From: Davide Libenzi (davidel@xmailserver.org)
Date: Thu Oct 31 2002 - 20:01:23 EST


On Thu, 31 Oct 2002, Jamie Lokier wrote:

> Davide, I think you are right. That's why I said epoll was _nearly_ perfect :)
>
> Davide Libenzi wrote:
> > Jamie, the fact that epoll supports a limited number of "objects" was an
> > as-designed at that time. I see it quite easy to extend it to support
> > other objects. Futexes are a matter of one line of code int :
>
> Agreed - though I'd prefer if the overhead of creating a temporary fd
> for each futex were eliminated, as well as the potentially large fd
> table. (In a threaded app, it's reasonable to have many more futexes
> than sockets, and they are created and destroyed rapidly too. No data
> on how many of those futexes need to be registered, though).
>
> In other words, add another op to sys_futex() called FUTEX_EPOLL which
> directly registers the futex on an epoll interest list, and let epoll
> report those events as futex events.

Jamie, the futex support can be easily done with one line of code patch. I
still prefer the one-to-one mapping between futexes and files. It makes
everything easier. I don't really see futex creation/destroy as an high
frequency event that might be suitable for optimization. Usually you have
your own set of resources to be "protected" and in 95% of cases you know
those resources from the beginning.

> > Timer, as long as you access them through a file* interface ( like futexes )
> > will become trivial too. Another line should be sufficent for dnotify :
>
> Sorry (<humble/>), ignore timers. Somehow I picked up the idea that
> epoll_wait() didn't have a timeout from some example or other, which
> was very silly of me. I've read the patch properly now! Of course
> epoll supports timers - a timeout is quite enough for user space.

If you want to timeout I/O operations you can easily put a timer routine
in your main event scheduler loop. But I still like the idea of timers
easily accessible through a file* interface.

> > void __inode_dir_notify(struct inode *inode, unsigned long event)
>
> Agreed. This is looking good :)

I asked Linus what he thinks about this one-line patch.

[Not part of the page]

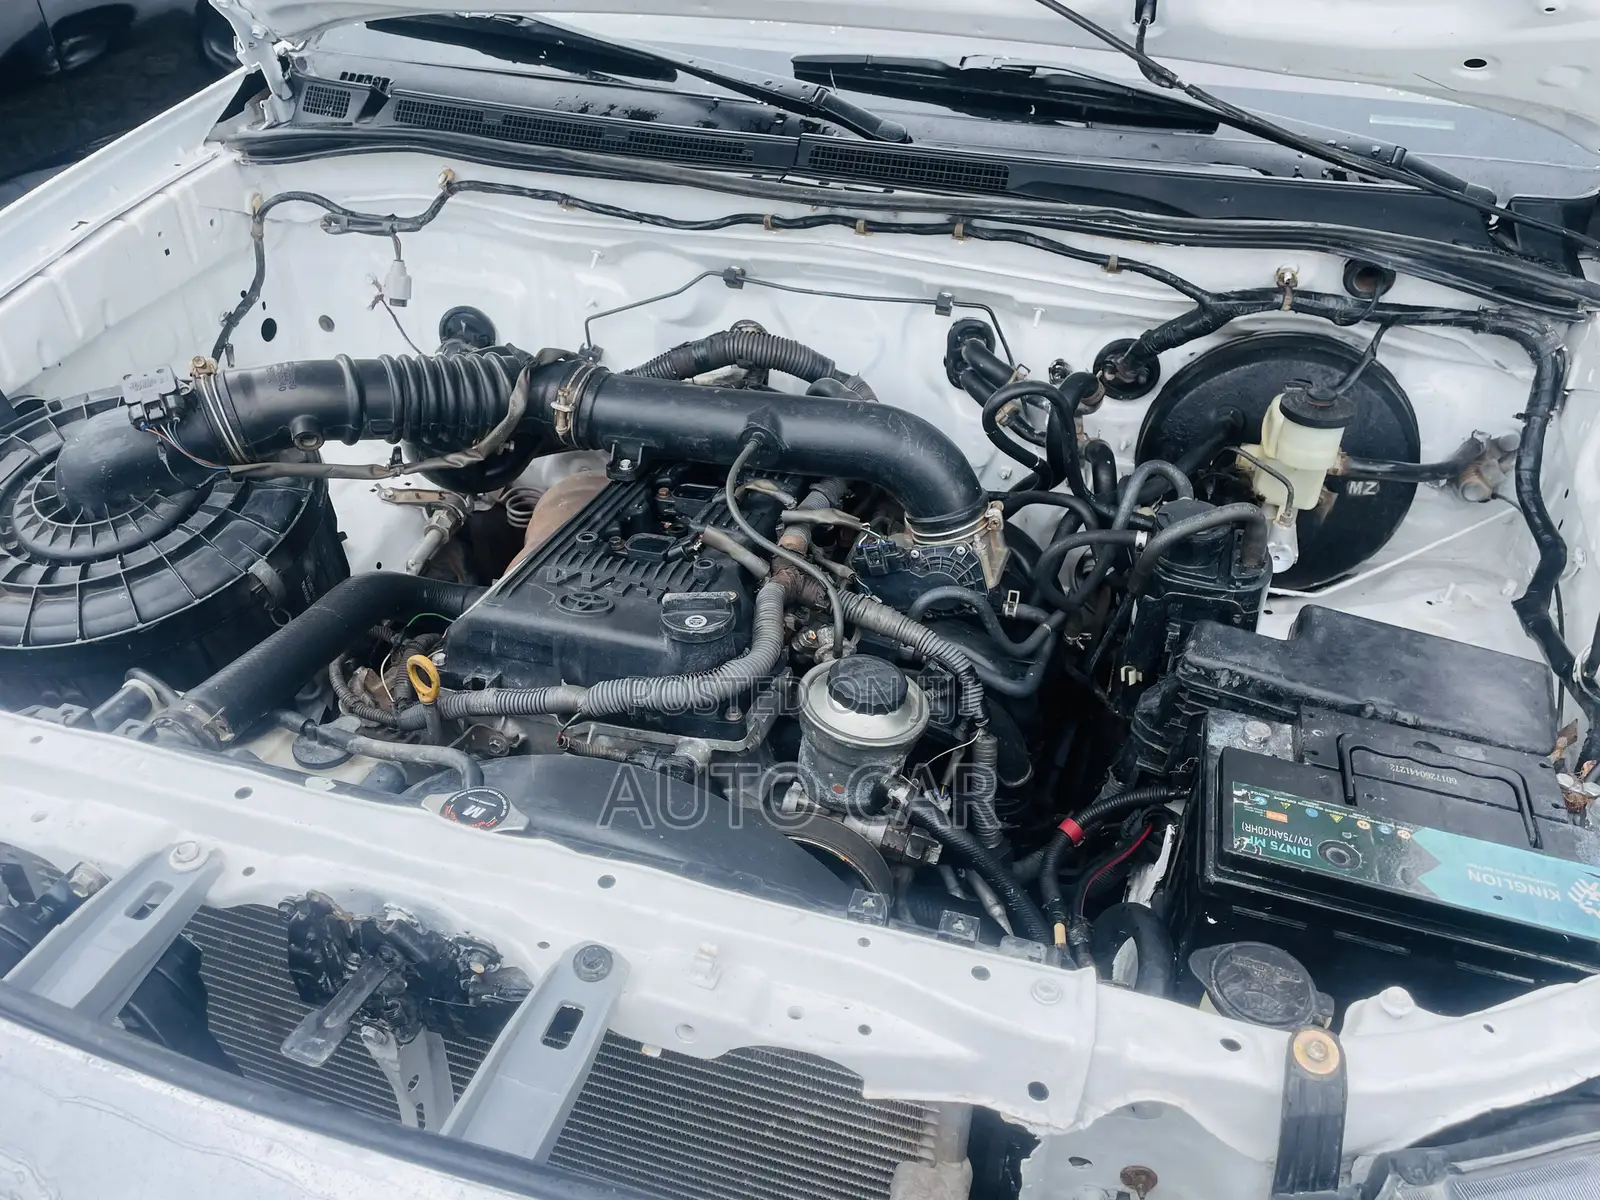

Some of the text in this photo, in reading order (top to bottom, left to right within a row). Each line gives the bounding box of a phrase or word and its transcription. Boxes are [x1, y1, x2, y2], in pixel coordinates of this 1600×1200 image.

> Someone suggested hooking into ->poll() as a less obtrusive way to
> implement epoll. You're probably right that it's quicker to hook
> directly as you have done, although it would be great if epoll could
> somehow "fall back" to using ->poll() in the cases where epoll isn't
> directly supported by a file object.

I'm currently investigating this ... looks like an easy way to support
"alien" files :)

> I wrote quite a lot about futexes above. That's because good futex
> support, and fallback to ->poll() would pretty much make epoll
> universal. What do you think of these ideas?:
>
> 1. Add FUTEX_EPOLL operation to futex.c, which registers a futex
> with an epoll interest list. This would cause FUTEX_WAKE
> calls on that address to generate epoll events. Some care is
> needed here to keep track of the exact number of events generated,
> because some rather subtle usages of futex depend on the
> return value from futex_wake being the _exact_ number of waiters
> that are woken. It would have to correspond to the exact number
> of events counted by userspace.

I still believe that the 1:1 mapping is sufficent and with that in place (
and the one line patch to kernel/futex.c ) futex support comes nicely.

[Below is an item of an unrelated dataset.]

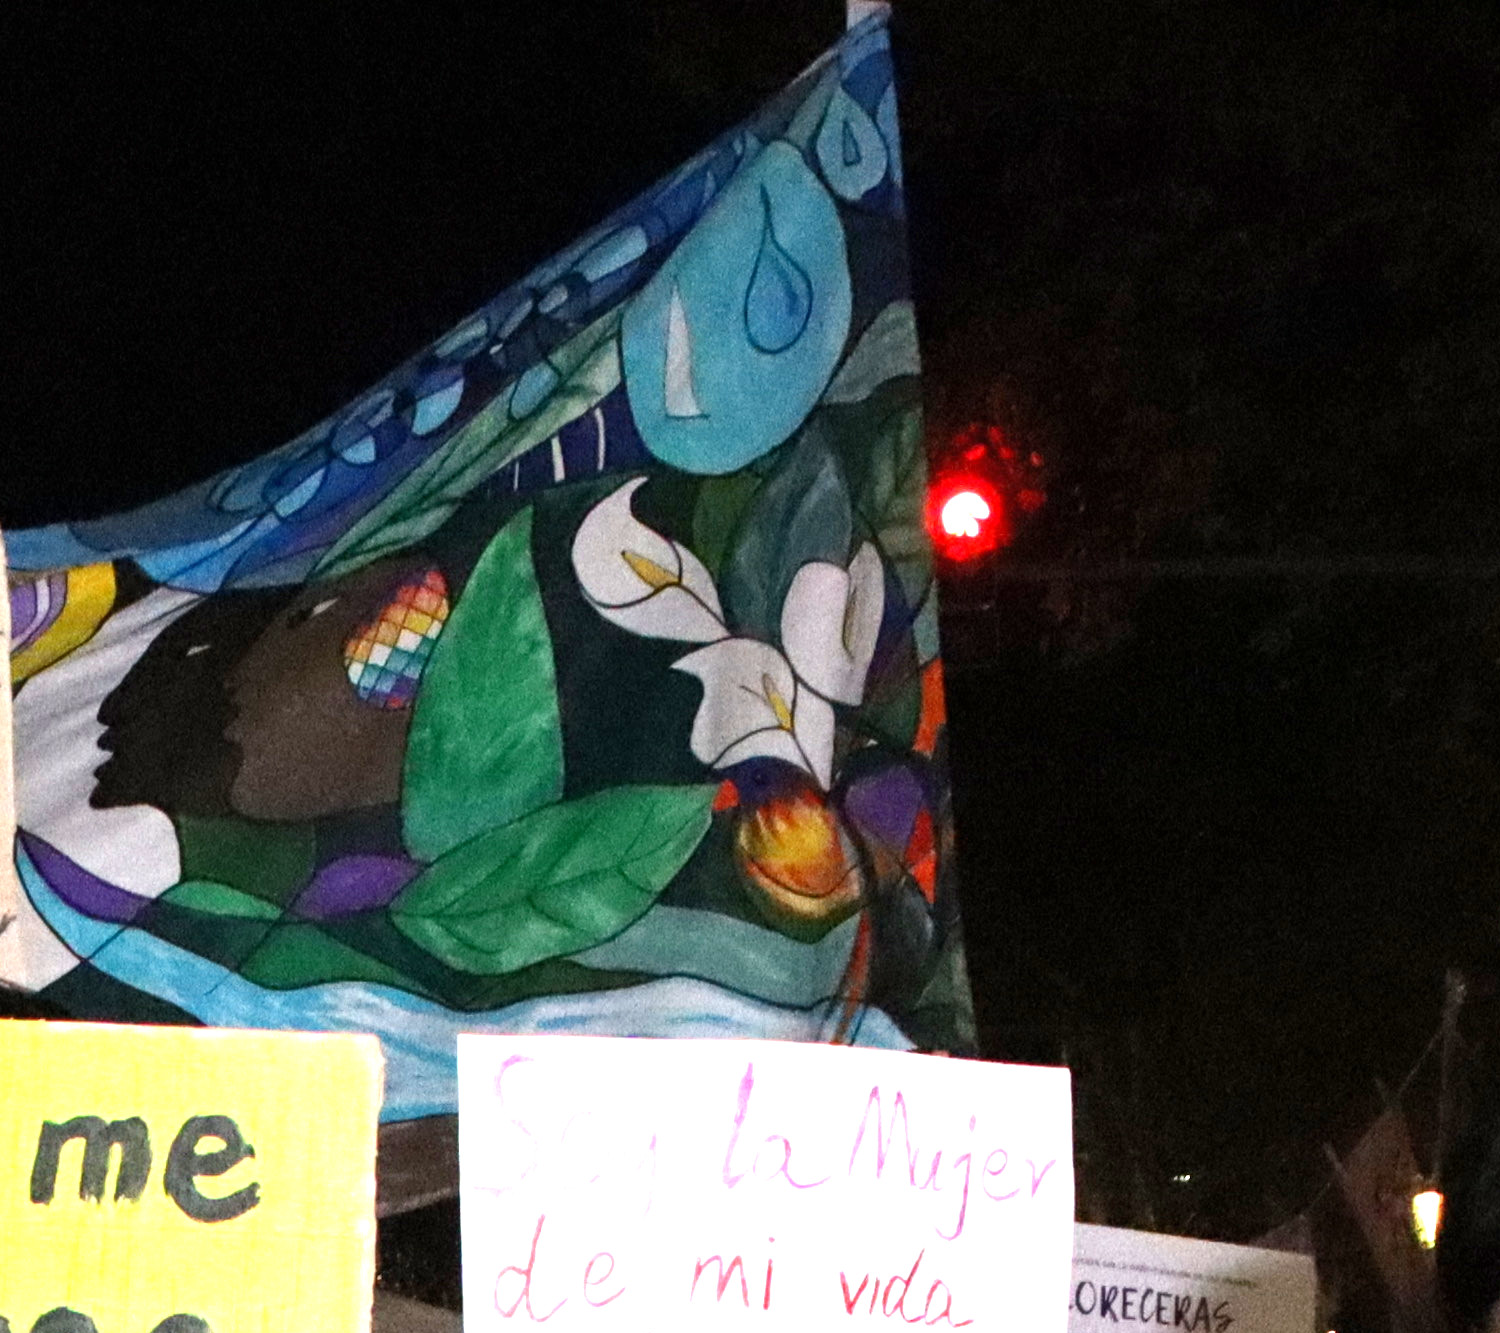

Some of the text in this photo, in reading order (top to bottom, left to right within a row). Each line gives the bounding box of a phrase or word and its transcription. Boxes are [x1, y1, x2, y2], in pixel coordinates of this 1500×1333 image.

[30, 1114, 261, 1223] me
[848, 1085, 1056, 1241] Mujer
[494, 1214, 975, 1327] de mi vida

> 2. Add a check to EP_CTL_ADD which checks whether a file supports
> epoll notifications natively. Perhaps a file_operations hook
> is in order here. If it does, great. If not, fall back to
> a generic mechanism that uses the file's ->poll() method. (I
> haven't thought through for sure how plausible this is).
> Magically, every kind of fd works, including special devices,
> and the things that are most performance critical (sockets,
> pipes, futexes) are tuned. Yum!

Yes, kind of. The hook for an efficent edge triggered event notification
should be something like the socket one where you have a ->data_ready()
and ->write_space(), where the caller of these callbacks know that signals
has to be delivered on 0->1 transactions. With the poll hook you have the
drawback that the wakeup list is invoked each time data arrives and this
might generate a little bit too many events. This is no a problem since
epoll collapse them, but still collapsing do cost CPU cycles.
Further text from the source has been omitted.